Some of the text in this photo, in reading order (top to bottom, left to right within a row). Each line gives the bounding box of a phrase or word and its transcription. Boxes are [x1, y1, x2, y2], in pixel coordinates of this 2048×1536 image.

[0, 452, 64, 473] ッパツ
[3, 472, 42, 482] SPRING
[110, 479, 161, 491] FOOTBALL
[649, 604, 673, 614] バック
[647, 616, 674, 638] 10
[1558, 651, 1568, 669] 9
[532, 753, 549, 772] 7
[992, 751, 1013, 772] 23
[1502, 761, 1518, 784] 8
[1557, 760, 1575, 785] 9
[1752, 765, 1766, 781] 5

• • • • •

*What to do:* Reproduce all entries exactly, leaving each one whole.

*Response to this exercise:*
Some of the text in this photo, in reading order (top to bottom, left to right within a row). Each line gives the bounding box of a phrase or word and its transcription. Boxes are [x1, y1, x2, y2], in pixel coordinates of this 2048×1536 image.

[0, 452, 64, 473] ッパツ
[3, 472, 42, 482] SPRING
[110, 479, 161, 491] FOOTBALL
[649, 604, 673, 614] バック
[647, 616, 674, 638] 10
[1558, 651, 1568, 669] 9
[532, 753, 549, 772] 7
[992, 751, 1013, 772] 23
[1502, 761, 1518, 784] 8
[1557, 760, 1575, 785] 9
[1752, 765, 1766, 781] 5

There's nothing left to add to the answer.